En Pologne, le casse-tête de la dépolitisation de l’audiovisuel public
Des policiers entrent dans le siège de la télévision publique polonaise à Varsovie, le 20 décembre 2023. Le parti PiS et ses partisans ont occupé le bâtiment pour protester contre les réformes de la chaîne nationale.
En Pologne, le casse-tête de la dépolitisation de l’audiovisuel public
Rétablir l’objectivité de l’audiovisuel public : c’était l’une des grandes promesses de la coalition pro-européenne qui a remporté les élections législatives d’octobre 2023, après huit ans à l’avantage du parti nationaliste et conservateur PiS. Qu’en est-il, huit mois après ?
Tennis aux pieds, paire de jeans, et veste de costume sur le dos, Bartłomiej Bublewicz relate depuis les couloirs de la chambre basse polonaise le rejet de la décriminalisation de l’aide à l’avortement. Le vote a été particulièrement débattu, ce 12 juillet 2024. C’est « le goût du défi » mais surtout « l’envie de reconstruire les médias publics », qui a attiré cet ancien journaliste du site d’information polonais Onet sur les ondes de « Panorama » — un journal télévisé de TVP Info, la chaîne d’information en continu de la télévision publique polonaise TVP. « Mes confrères de la télévision publique et moi partageons la même idée du journalisme basé sur le pluralisme et une large représentation des points de vue dans nos productions », se réjouit ce journaliste de 29 ans, qui n’aurait jamais imaginé rejoindre ce même média, il y a de cela un an.

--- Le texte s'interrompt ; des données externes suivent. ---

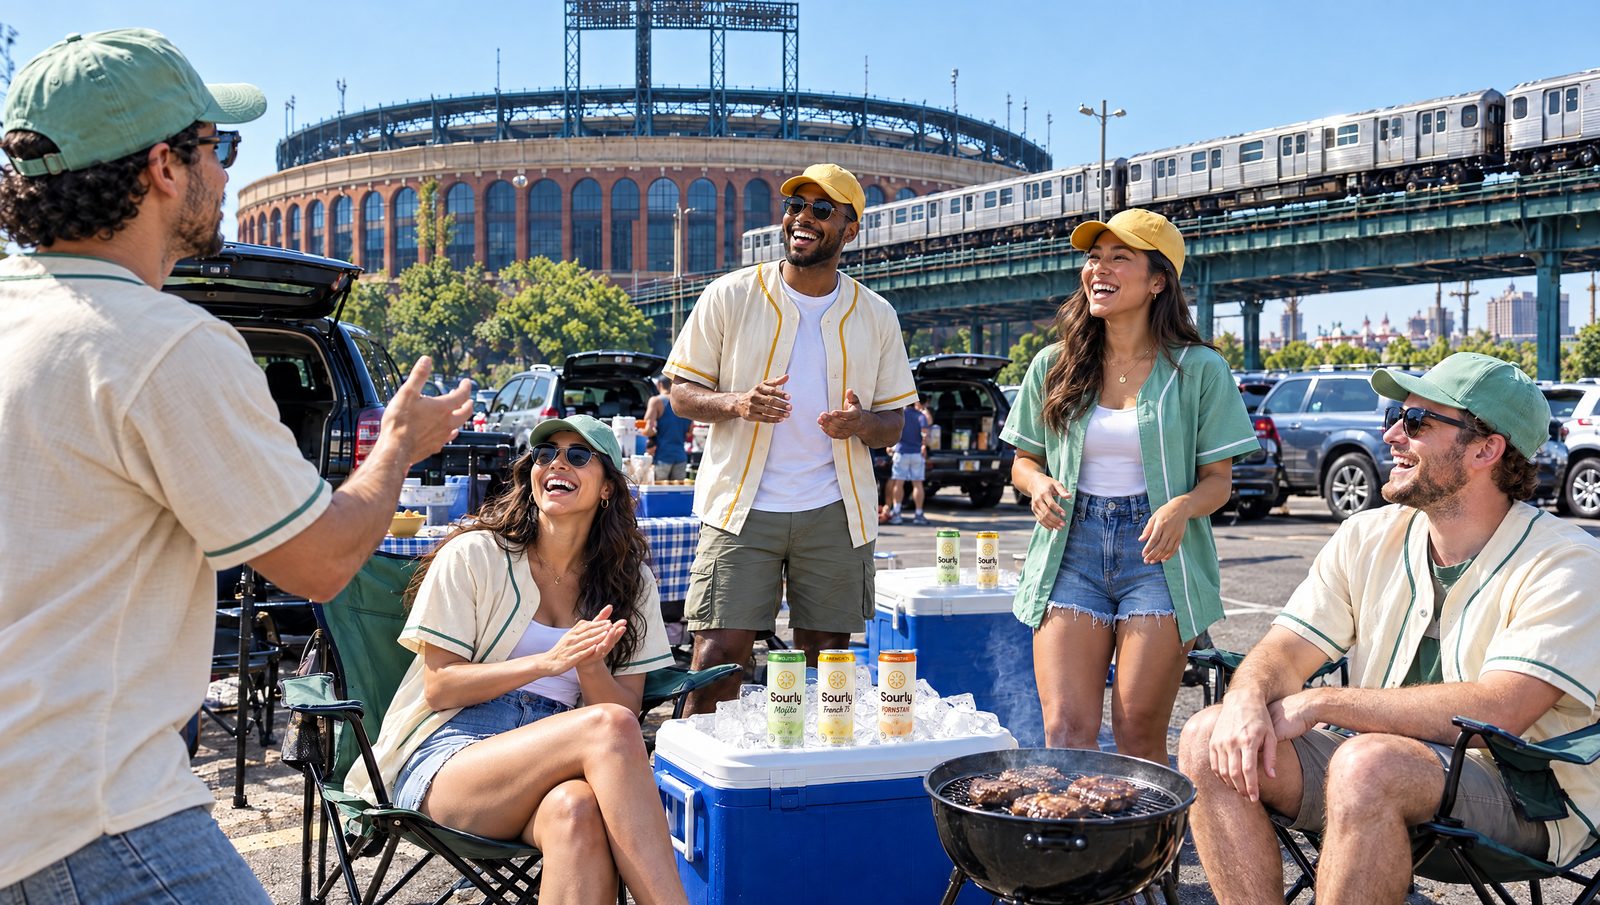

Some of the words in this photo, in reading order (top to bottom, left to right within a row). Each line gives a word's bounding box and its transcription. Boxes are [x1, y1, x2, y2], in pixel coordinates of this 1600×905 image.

Et pour cause : de 2016 jusqu’à fin 2023, l’audiovisuel public sous le gouvernement national-conservateur du PiS (Droit et Justice), était devenu politisé, au point de calomnier l’opposition, les migrants ou encore les LGBTQ +, dépeints comme relevant d’une idéologie. Les représentants de l’opposition n’étaient pas conviés en plateau, et le micro ne leur était jamais tendu. « Sur la question de l’immigration, il n’était aucunement question de statistiques ou de faits, ce n’était que des images hors contexte évoquant des hordes d’immigrés dangereux, venant chez nous pour y importer leur culture », remarque Bartłomiej Bublewicz. « TVP diffusait alors de la pure propagande, à la limite du langage haineux », abonde Dorota Nygren, spécialiste des médias au sein du groupe de réflexion polonais Polityka Insight. Cette ancienne journaliste de la radio de service public en avait été elle-même reléguée au département des archives en 2017. Elle avait refusé de s’engager à dévoiler systématiquement l’origine d’un prévenu. Une précision que la journaliste jugeait superflue, à la différence de sa hiérarchie qui voulait jouer sur la peur des migrants.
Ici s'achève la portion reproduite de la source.